Yes. Follow up to see how your body utilizes these hormones, and if you’re doing fertility workups, they can be useful as well to see what’s going on. Those are just the basics that I do. But then you’re looking for a good history and then testing it. How many antibiotics have you taken in your lifetime? How many infections have you had? Because all of them can cause yeast and fungal overgrowth, fungi are in the same category as molds, and they can produce mycotoxins themselves. That’s always the question. We can use stool testing. I do use a lot of organic acid testing, things like the Nutreval or TPO test because we can see markers for how well your mitochondria are doing. Do you have markers for yeast, fungal overgrowth, dysbiosis, or unhealthy bacteria in the gut? Sometimes we can also use stool testing again to figure out, Okay, what’s going on?

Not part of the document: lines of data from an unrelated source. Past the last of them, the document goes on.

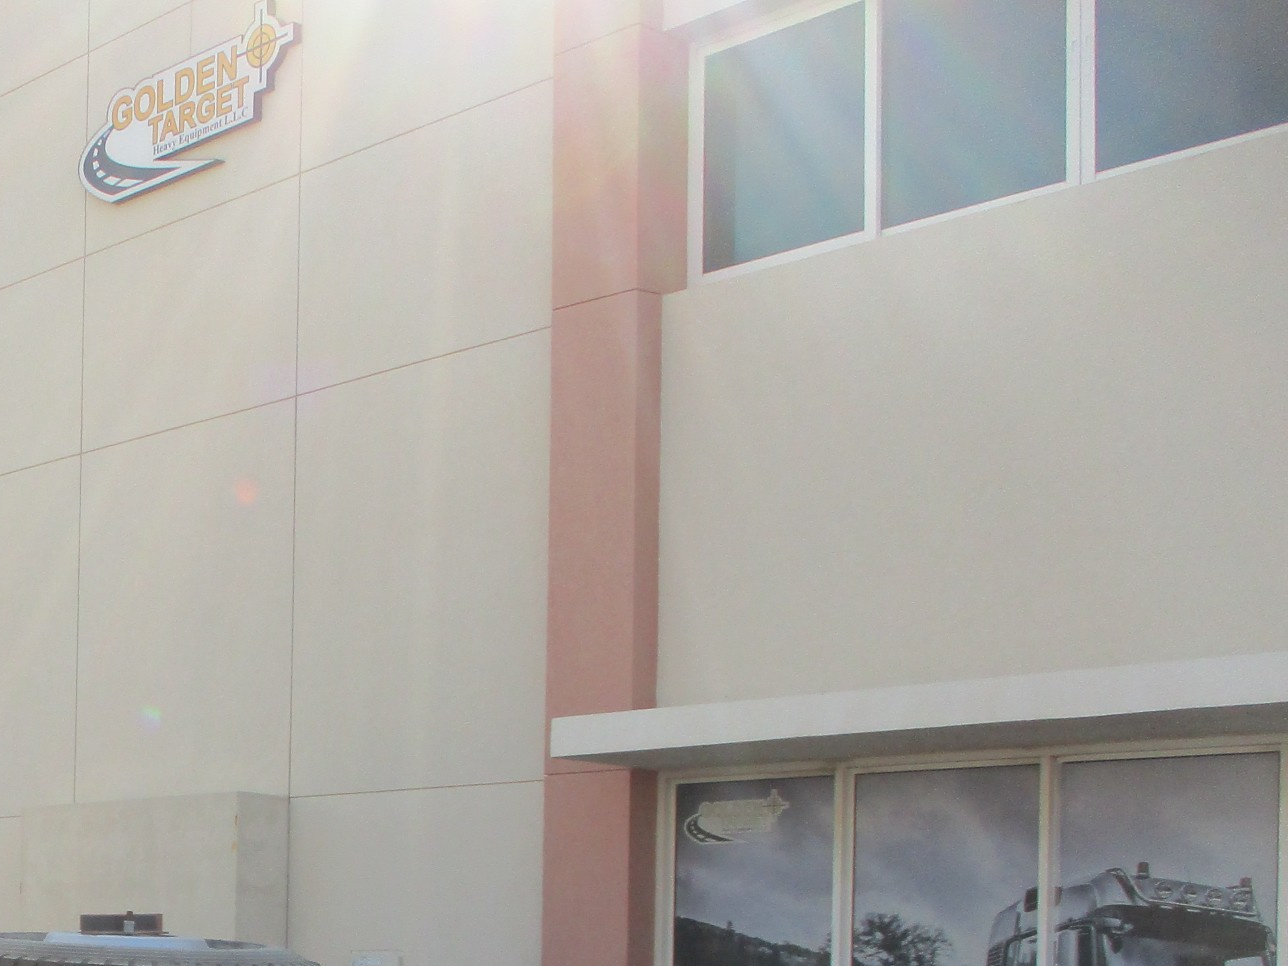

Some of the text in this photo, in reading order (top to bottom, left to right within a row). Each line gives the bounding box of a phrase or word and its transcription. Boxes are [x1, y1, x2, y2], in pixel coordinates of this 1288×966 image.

[112, 45, 238, 131] GOLDEN
[148, 75, 249, 145] TARGET
[152, 140, 176, 156] Heavy
[178, 121, 222, 144] Equipment
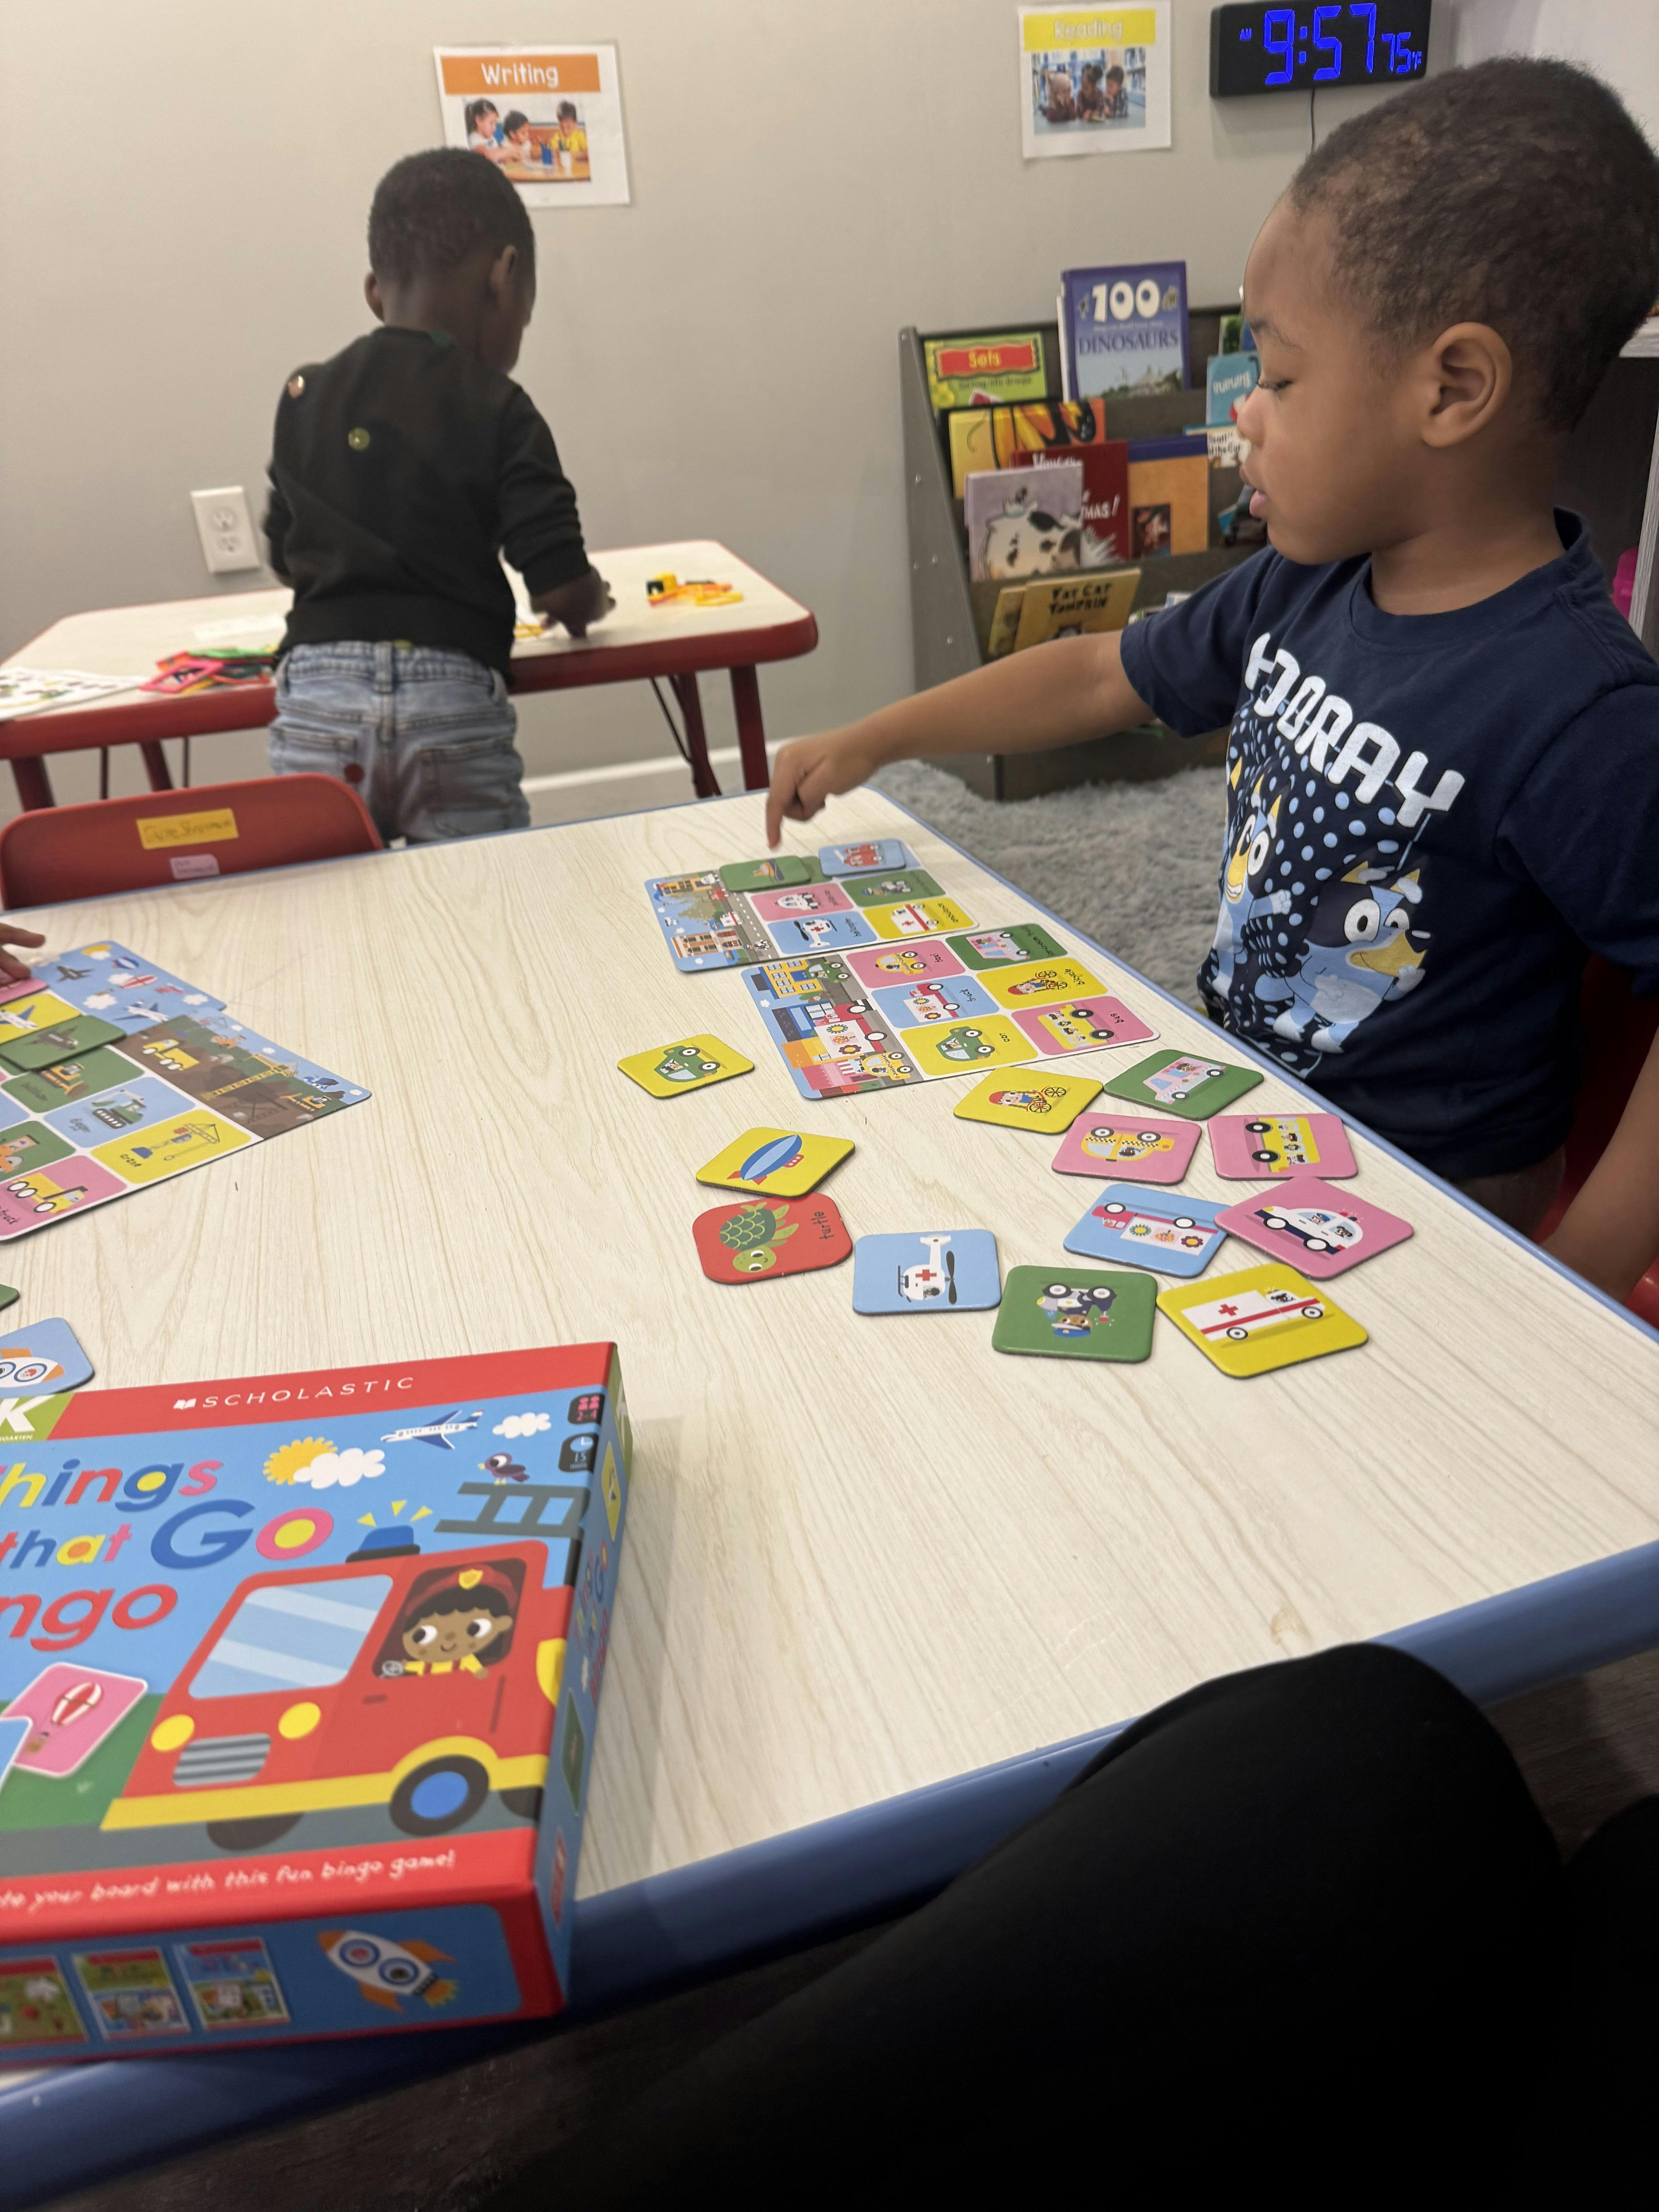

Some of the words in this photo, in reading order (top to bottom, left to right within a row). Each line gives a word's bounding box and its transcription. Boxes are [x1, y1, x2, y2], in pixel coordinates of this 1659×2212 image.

Do you have high levels of β-glucuronidase in your stool? How much leaky gut do you have, etc.? Part of this is guided by what’s going on with your symptomatology. The two top things that I go after with people who have environmental toxicity, particularly mold toxicity: Are you sleeping? Are you pooping? I try to fix those two things first, if I can and then go on to deal with the rest of them. Then you have to think about chronic infections, and I’m sure you have somebody talking about this, but when you have toxic mold exposures, oftentimes the molds and the mycotoxins themselves suppress the immune system. They suppress our ability to fight off infections. So then you get more sinus infections, bladder infections, gastrointestinal things, food poisoning, etc. What are you getting for those? Antibiotics. What do antibiotics do while they disrupt the gut microbiome and the gut flora? That disrupts your ability to metabolize the hormones, and so your immune system is suppressed.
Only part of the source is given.